The “family office” has become such a fashionable term in the private wealth management space. So catchy it is that when it comes to really defining what it means, particularly in the context of the single family office, firms of many stripes would invariably – rightly or wrongly – volunteer themselves to qualify.
It was apt and a privilege, therefore, that, for our pre-AGM panel discussion on the topic of family office governance, we had two veteran practitioners with first-hand experience of running established single family offices to share their insights: Mr Bernard Fung had run the London-based single family office and investment vehicle of Lord Sainsbury of Turville prior to returning to Singapore to join Credit Suisse as its incumbent Head of Family Office Services and Philanthropy Advisory Asia Pacific, while Ms Chew-Mee Kirtland is Managing Director of Mornington Services Pte Ltd, a Singapore-incorporated dedicated family office for members of a wealthy Asian family, which she also founded in 1999.
Good governance starts with a recognition of the key issues underpinning the successful operation of a single family office, of which Mr Fung identified the need for adequate and appropriate staffing, clarity of the relationship between the family’s businesses and the assets managed by the family office, and transparency of decision-making processes. While many Asian families are somewhat behind the curve when it comes to laying down the ground rules with regard to each of these three fundamental issues, Ms Kirtland believes financial education for the key stakeholders in the family businesses and the persons of big influence in the family relationships is important. She emphasised the value of investing resources to imbue financial discipline among family members and family office employees, enabling them to think strategically on all matters financial, from investments to administration; and build self-confidence in, and accountability for, decisions made.
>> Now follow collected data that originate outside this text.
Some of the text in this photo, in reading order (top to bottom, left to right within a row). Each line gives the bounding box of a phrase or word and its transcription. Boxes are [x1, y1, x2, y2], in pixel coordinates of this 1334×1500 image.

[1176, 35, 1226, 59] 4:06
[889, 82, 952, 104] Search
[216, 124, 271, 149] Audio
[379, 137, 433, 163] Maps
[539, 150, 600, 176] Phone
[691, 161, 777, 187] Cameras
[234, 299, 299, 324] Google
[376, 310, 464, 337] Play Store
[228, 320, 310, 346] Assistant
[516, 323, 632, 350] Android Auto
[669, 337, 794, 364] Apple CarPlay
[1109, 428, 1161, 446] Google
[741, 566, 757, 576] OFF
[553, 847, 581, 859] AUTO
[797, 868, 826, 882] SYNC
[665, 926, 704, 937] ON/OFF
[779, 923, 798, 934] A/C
Ms Kirtland highlighted the need for governance specifically in the investment process of the family office, an area in which she takes special interest. After identifying investment objectives and setting overall fund management strategies, there needs to exist proper controls, from the engagement of the right professionals to manage, to identifying and managing risks. How investment professionals are remunerated and incentivised in the process also needs to be transparent and certain. A proper governance framework ensures that decision-making at every level is properly focused.
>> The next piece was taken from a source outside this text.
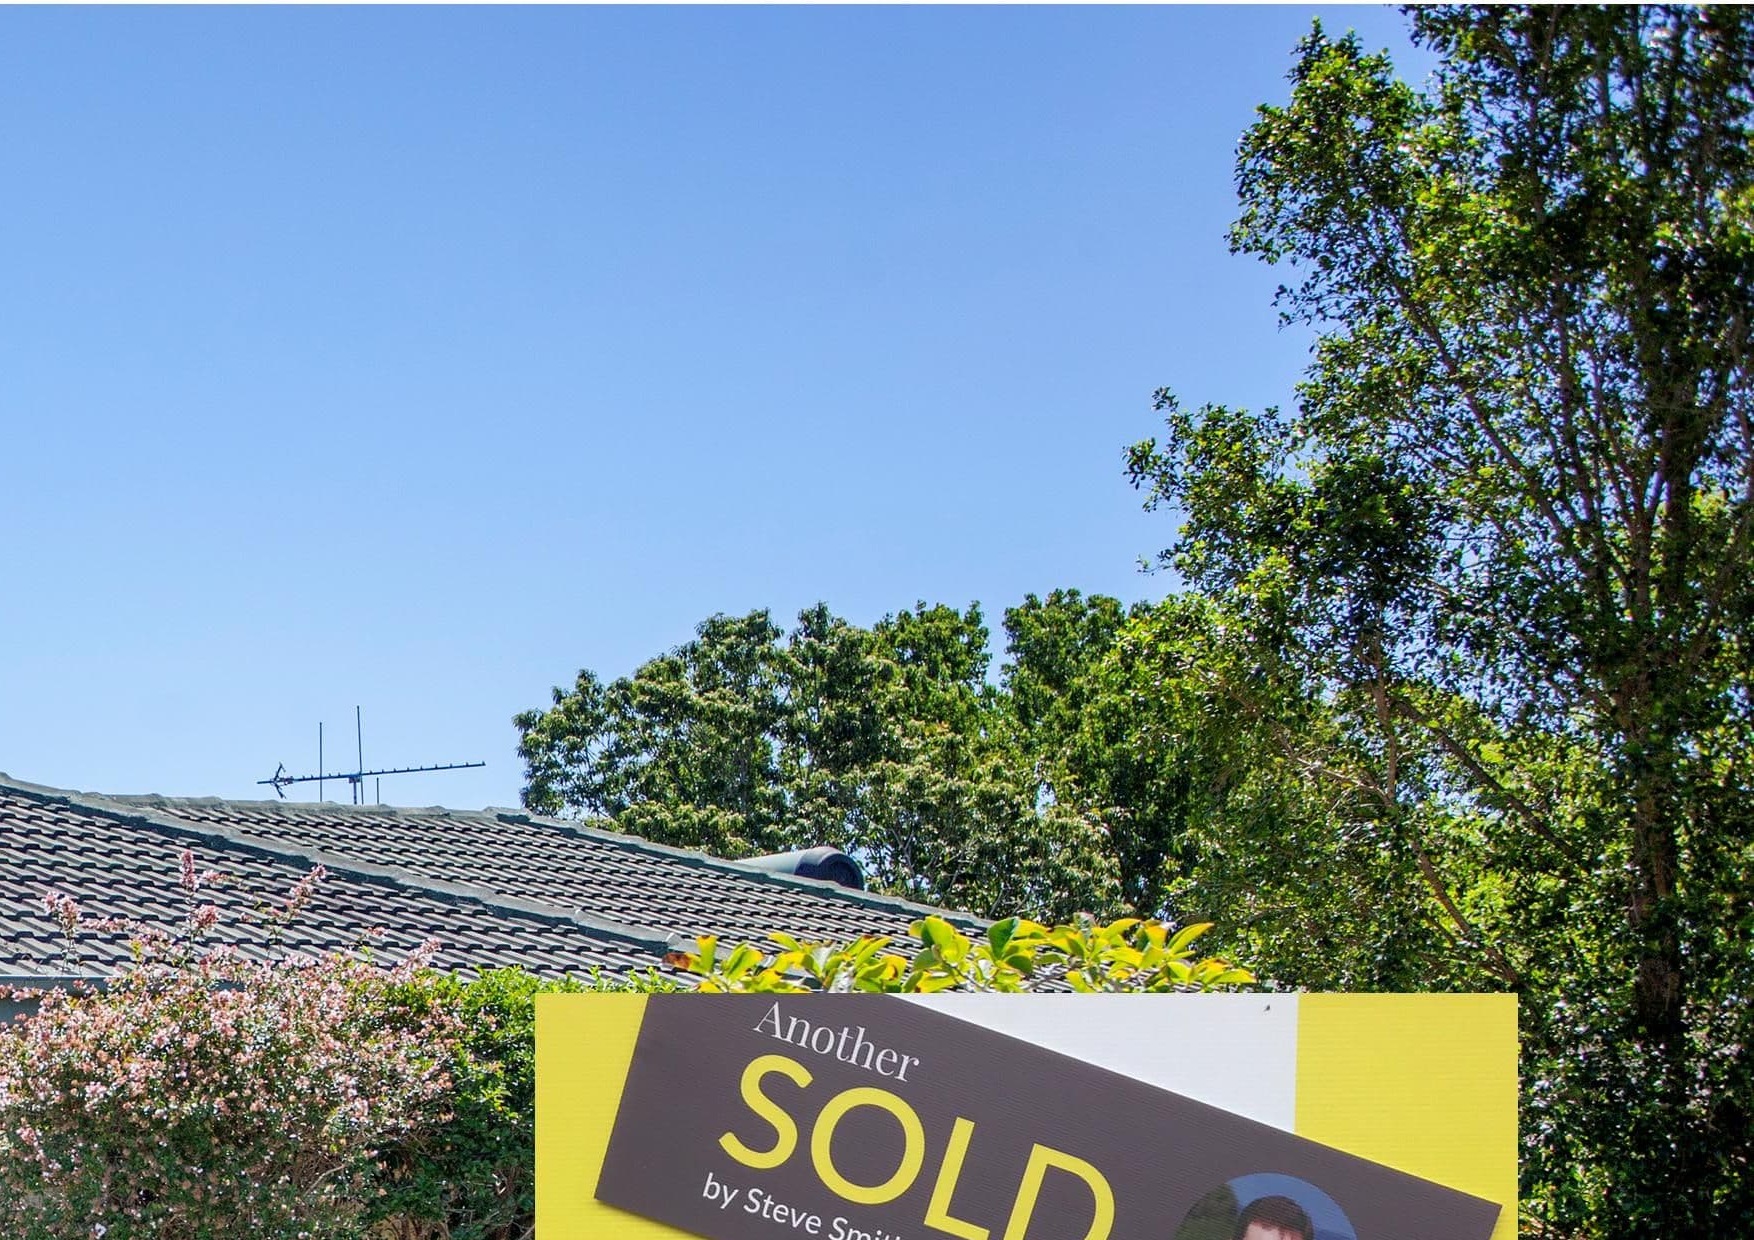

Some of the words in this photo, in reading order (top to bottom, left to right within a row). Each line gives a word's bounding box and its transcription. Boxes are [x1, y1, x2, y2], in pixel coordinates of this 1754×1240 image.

[753, 1001, 920, 1083] Another
[702, 1172, 739, 1210] by
[743, 1187, 822, 1236] Steve
In the end, both speakers emphasised that a family office is every bit the ‘people business’ that, say, private banking, in its truest form, is meant to be. It is about investing time, effort and other resources at the earliest possible time in education and the management of attitudes, expectations and interpersonal relationships and dynamics, between family and professionals. Only then can one develop a sensible, clear process for making sound decisions, which is what governance is all about.